• Prompt: Start at the first line below and write out everything verbatim except the pictures.

• Records supplied:
= Beginning of Section =

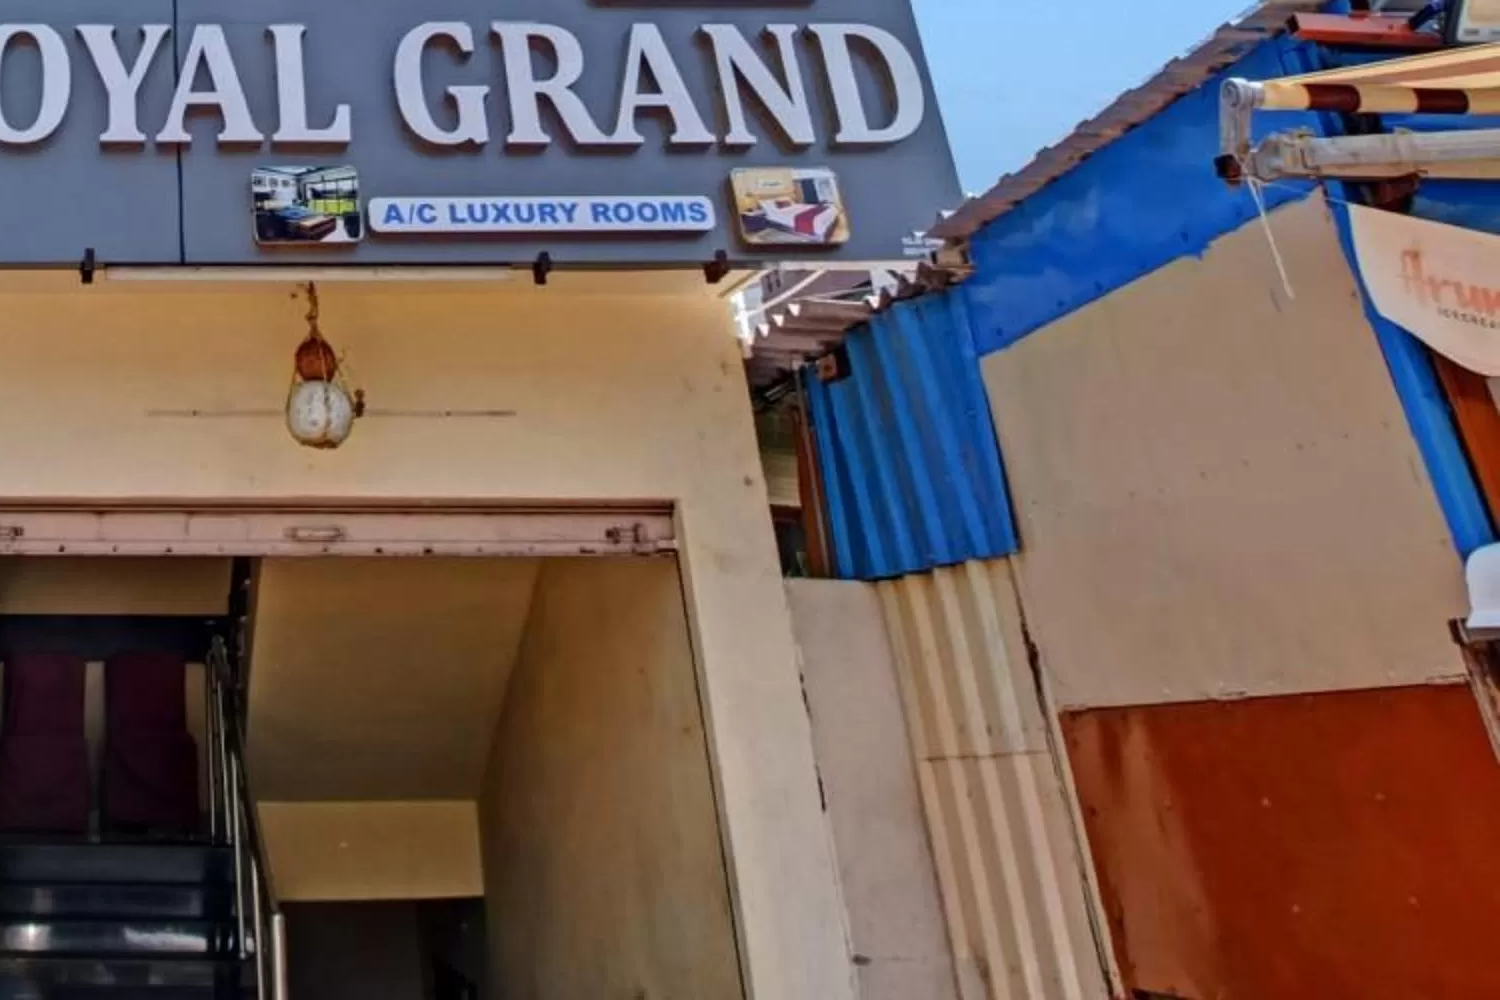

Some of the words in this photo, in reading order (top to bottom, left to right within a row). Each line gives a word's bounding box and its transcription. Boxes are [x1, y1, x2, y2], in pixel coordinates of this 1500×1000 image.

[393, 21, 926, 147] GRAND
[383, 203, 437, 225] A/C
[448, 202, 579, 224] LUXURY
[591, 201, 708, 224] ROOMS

= End of Section =

• Your response:
Some of the words in this photo, in reading order (top to bottom, left to right within a row). Each line gives a word's bounding box and its transcription. Boxes are [x1, y1, x2, y2], in pixel coordinates of this 1500×1000 image.

[393, 21, 926, 147] GRAND
[383, 203, 437, 225] A/C
[448, 202, 579, 224] LUXURY
[591, 201, 708, 224] ROOMS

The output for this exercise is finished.